CraigPD   |     |   Comment #8
OneWest Bank mailed an "important changes and update booklet" to customers on Jan 14.  Citing Funds Availability Policy, Transfer Agreement and Disclosure and Consumer and Business Fee Schedules underlined throughout the 82 pages, there was no attention made of the "Additional CD Account Disclosure" section on page a39.  Rather deceptively they compare current accounts vs. new accounts in a prominent table on page 11 where under "What You Need to Know" for CD accounts it states "no changes in term, rate or maturity date".  Page a39 is clearly a contradiction meant to escape (delude) cursory reading.
CraigPD   |     |   Comment #9
If the info provided to me1004 is accurate, ignore my rant ;)
KenBDG   |     |   Comment #10
I just received the email reply from OneWest which appears to be a similar reply that me1004 received. As was mentioned, the change in the penalty was not applied retroactively.

The changes to early withdrawal penalties occurred in the summer of 2010.  The changes are effective for accounts opened on or after June 14, 2010 or renewed on or after July 19, 2010.  By opening or renewing an account with us or using the service on or after the effective date, you are deemed to have agreed to such changes.

me1004   |     |   Comment #11
If it helps, here is what OneWest e-mailed to me:


Thank you for contacting OneWest Bank.  The changes to our terms and conditions regarding early withdrawal penalties were effective for accounts opened on or after June 14, 2010 or renewed on or after July 19, 2010.  If an account was opened prior to June 14, 2010 and has not renewed on or after July 19, 2010, then the changes to the early withdrawal penalties do not apply to that account.  For that account, the previous early withdrawal penalty would be applicable.     

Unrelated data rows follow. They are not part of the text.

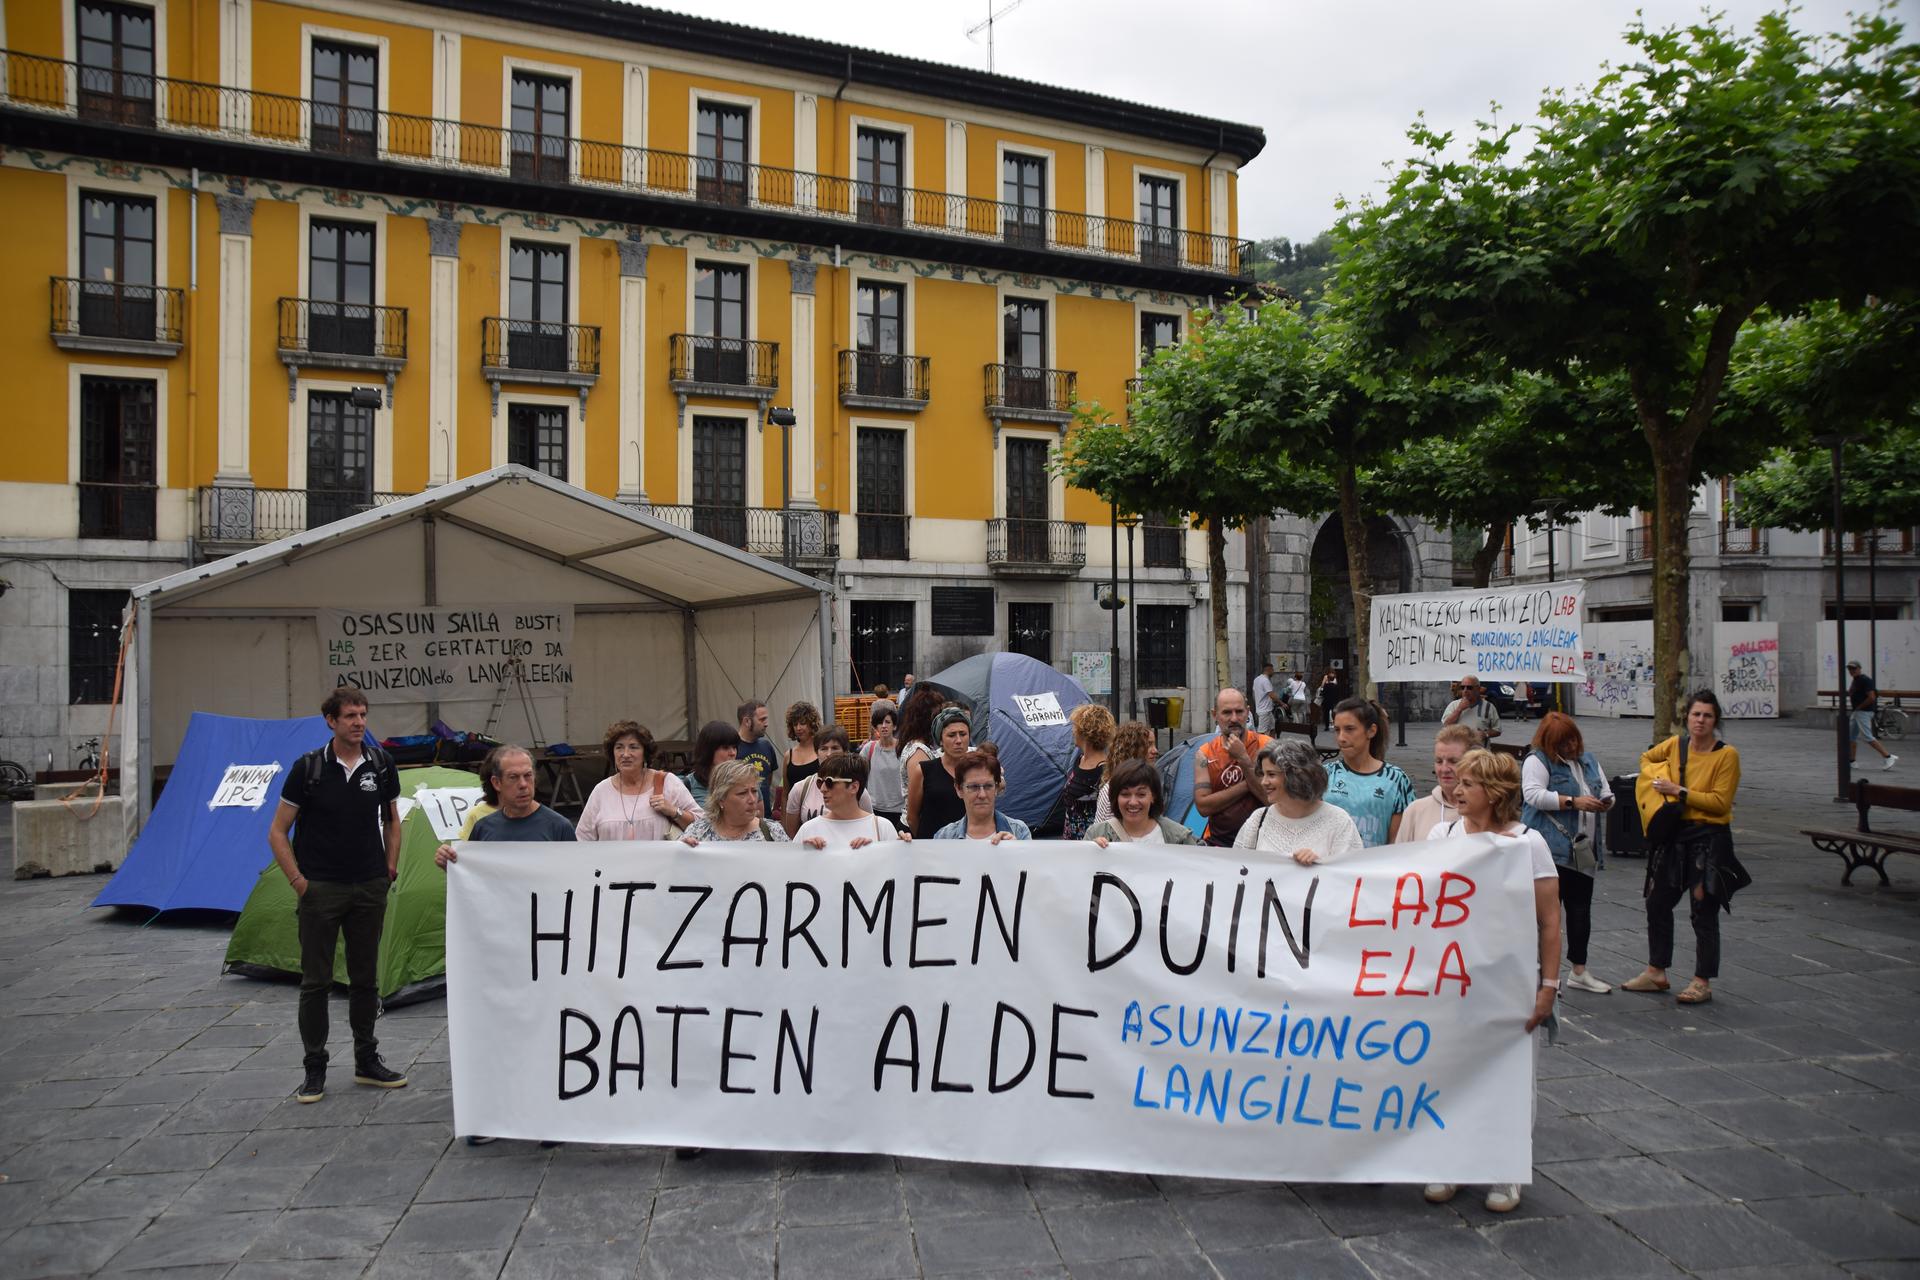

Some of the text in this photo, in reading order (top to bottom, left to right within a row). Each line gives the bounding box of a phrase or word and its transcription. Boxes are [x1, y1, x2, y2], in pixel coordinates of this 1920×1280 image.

[1554, 596, 1576, 616] LAB
[342, 612, 436, 636] OSASUN
[447, 611, 500, 634] SAILA
[329, 639, 355, 653] LAB
[1471, 626, 1579, 650] ASUNZIONGO LANGILEAK
[329, 654, 356, 666] ELA
[369, 642, 408, 662] ZER
[545, 642, 563, 657] DA
[1387, 634, 1467, 669] BATEN ALDE
[1477, 651, 1542, 673] BORROKAN
[1551, 656, 1575, 675] ELA
[1348, 871, 1477, 930] LAB
[530, 866, 1320, 981] HITZARMEN DUIN
[1353, 941, 1472, 998] ELA
[1121, 1000, 1431, 1066] ASUNZIONGO
[558, 1001, 1099, 1100] BATEN ALDE
[1133, 1064, 1446, 1132] LANGILEAK
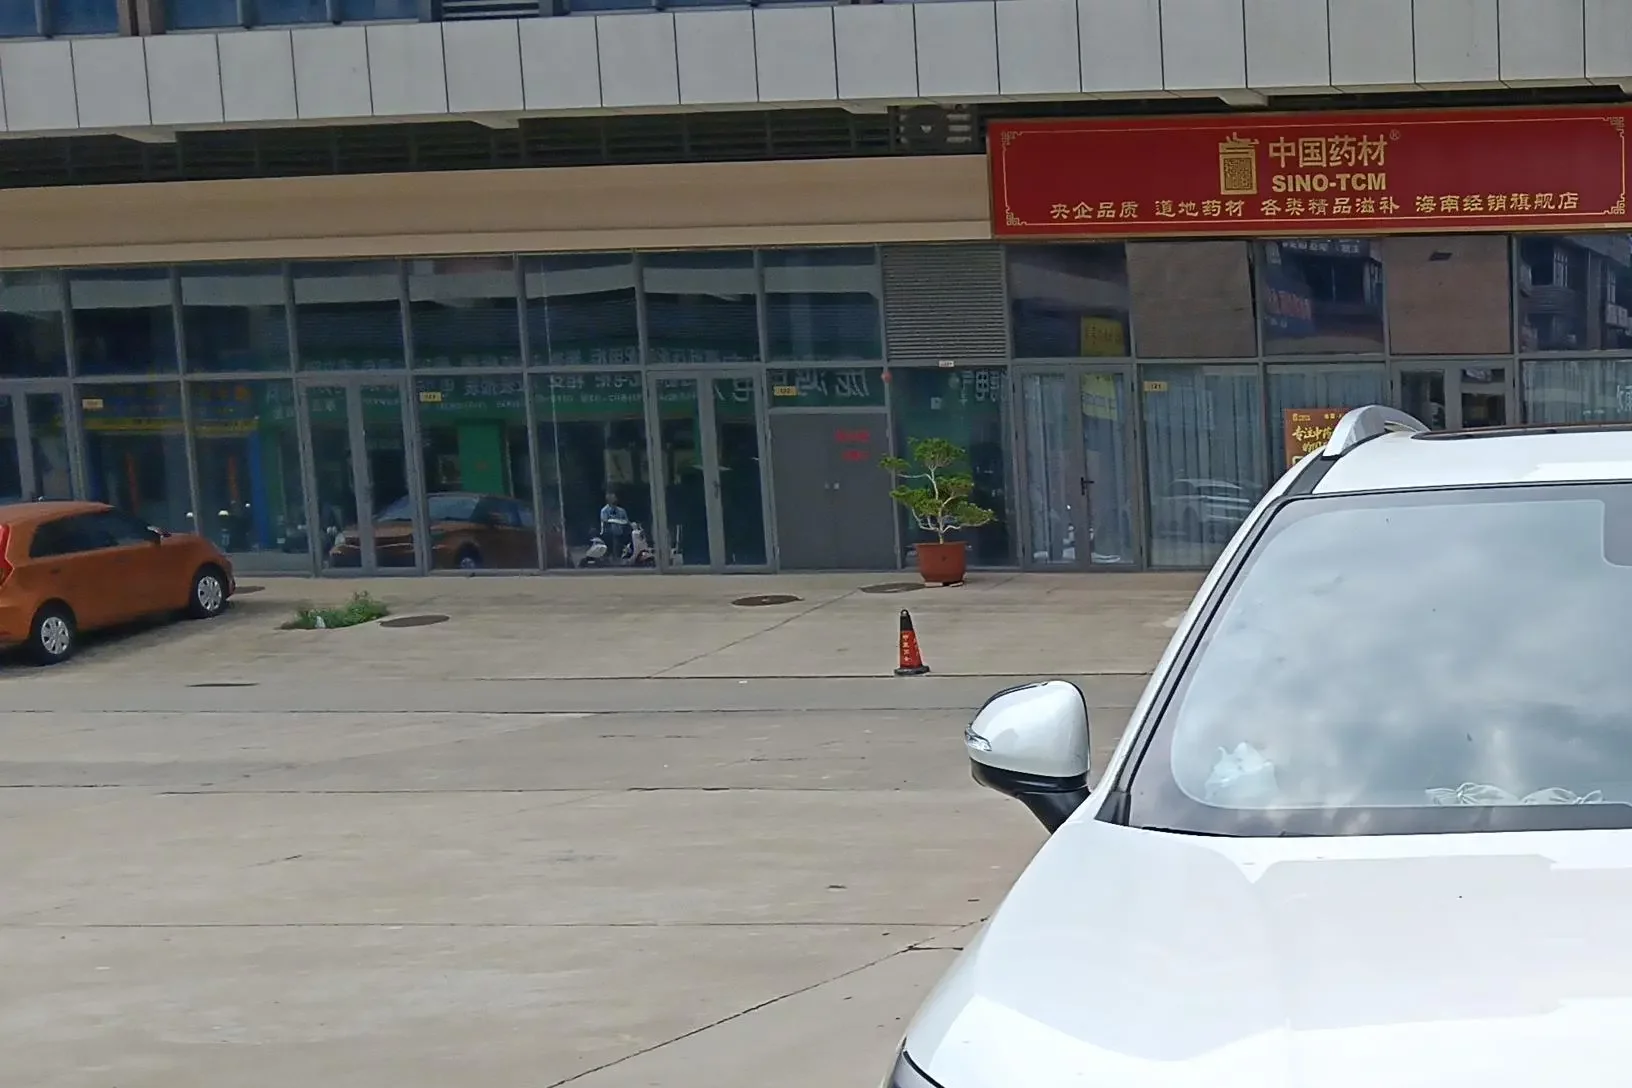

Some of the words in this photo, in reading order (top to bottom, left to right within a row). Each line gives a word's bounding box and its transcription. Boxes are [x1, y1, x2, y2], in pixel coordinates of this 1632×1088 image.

If you need further assistance, please feel free to call our Customer Contact Center at 1-877-741-9378 (1-877-PH.1.WEST). Our office hours are Monday through Friday 7am-6pm and Saturday 8am-2pm (Pacific Standard Time), or visit our Help Center for a live chat with a Banking Associate Monday through Friday 8am-5pm (Pacific Standard Time) at:  

Thank you for choosing OneWest Bank. We look forward to providing you with exceptional service.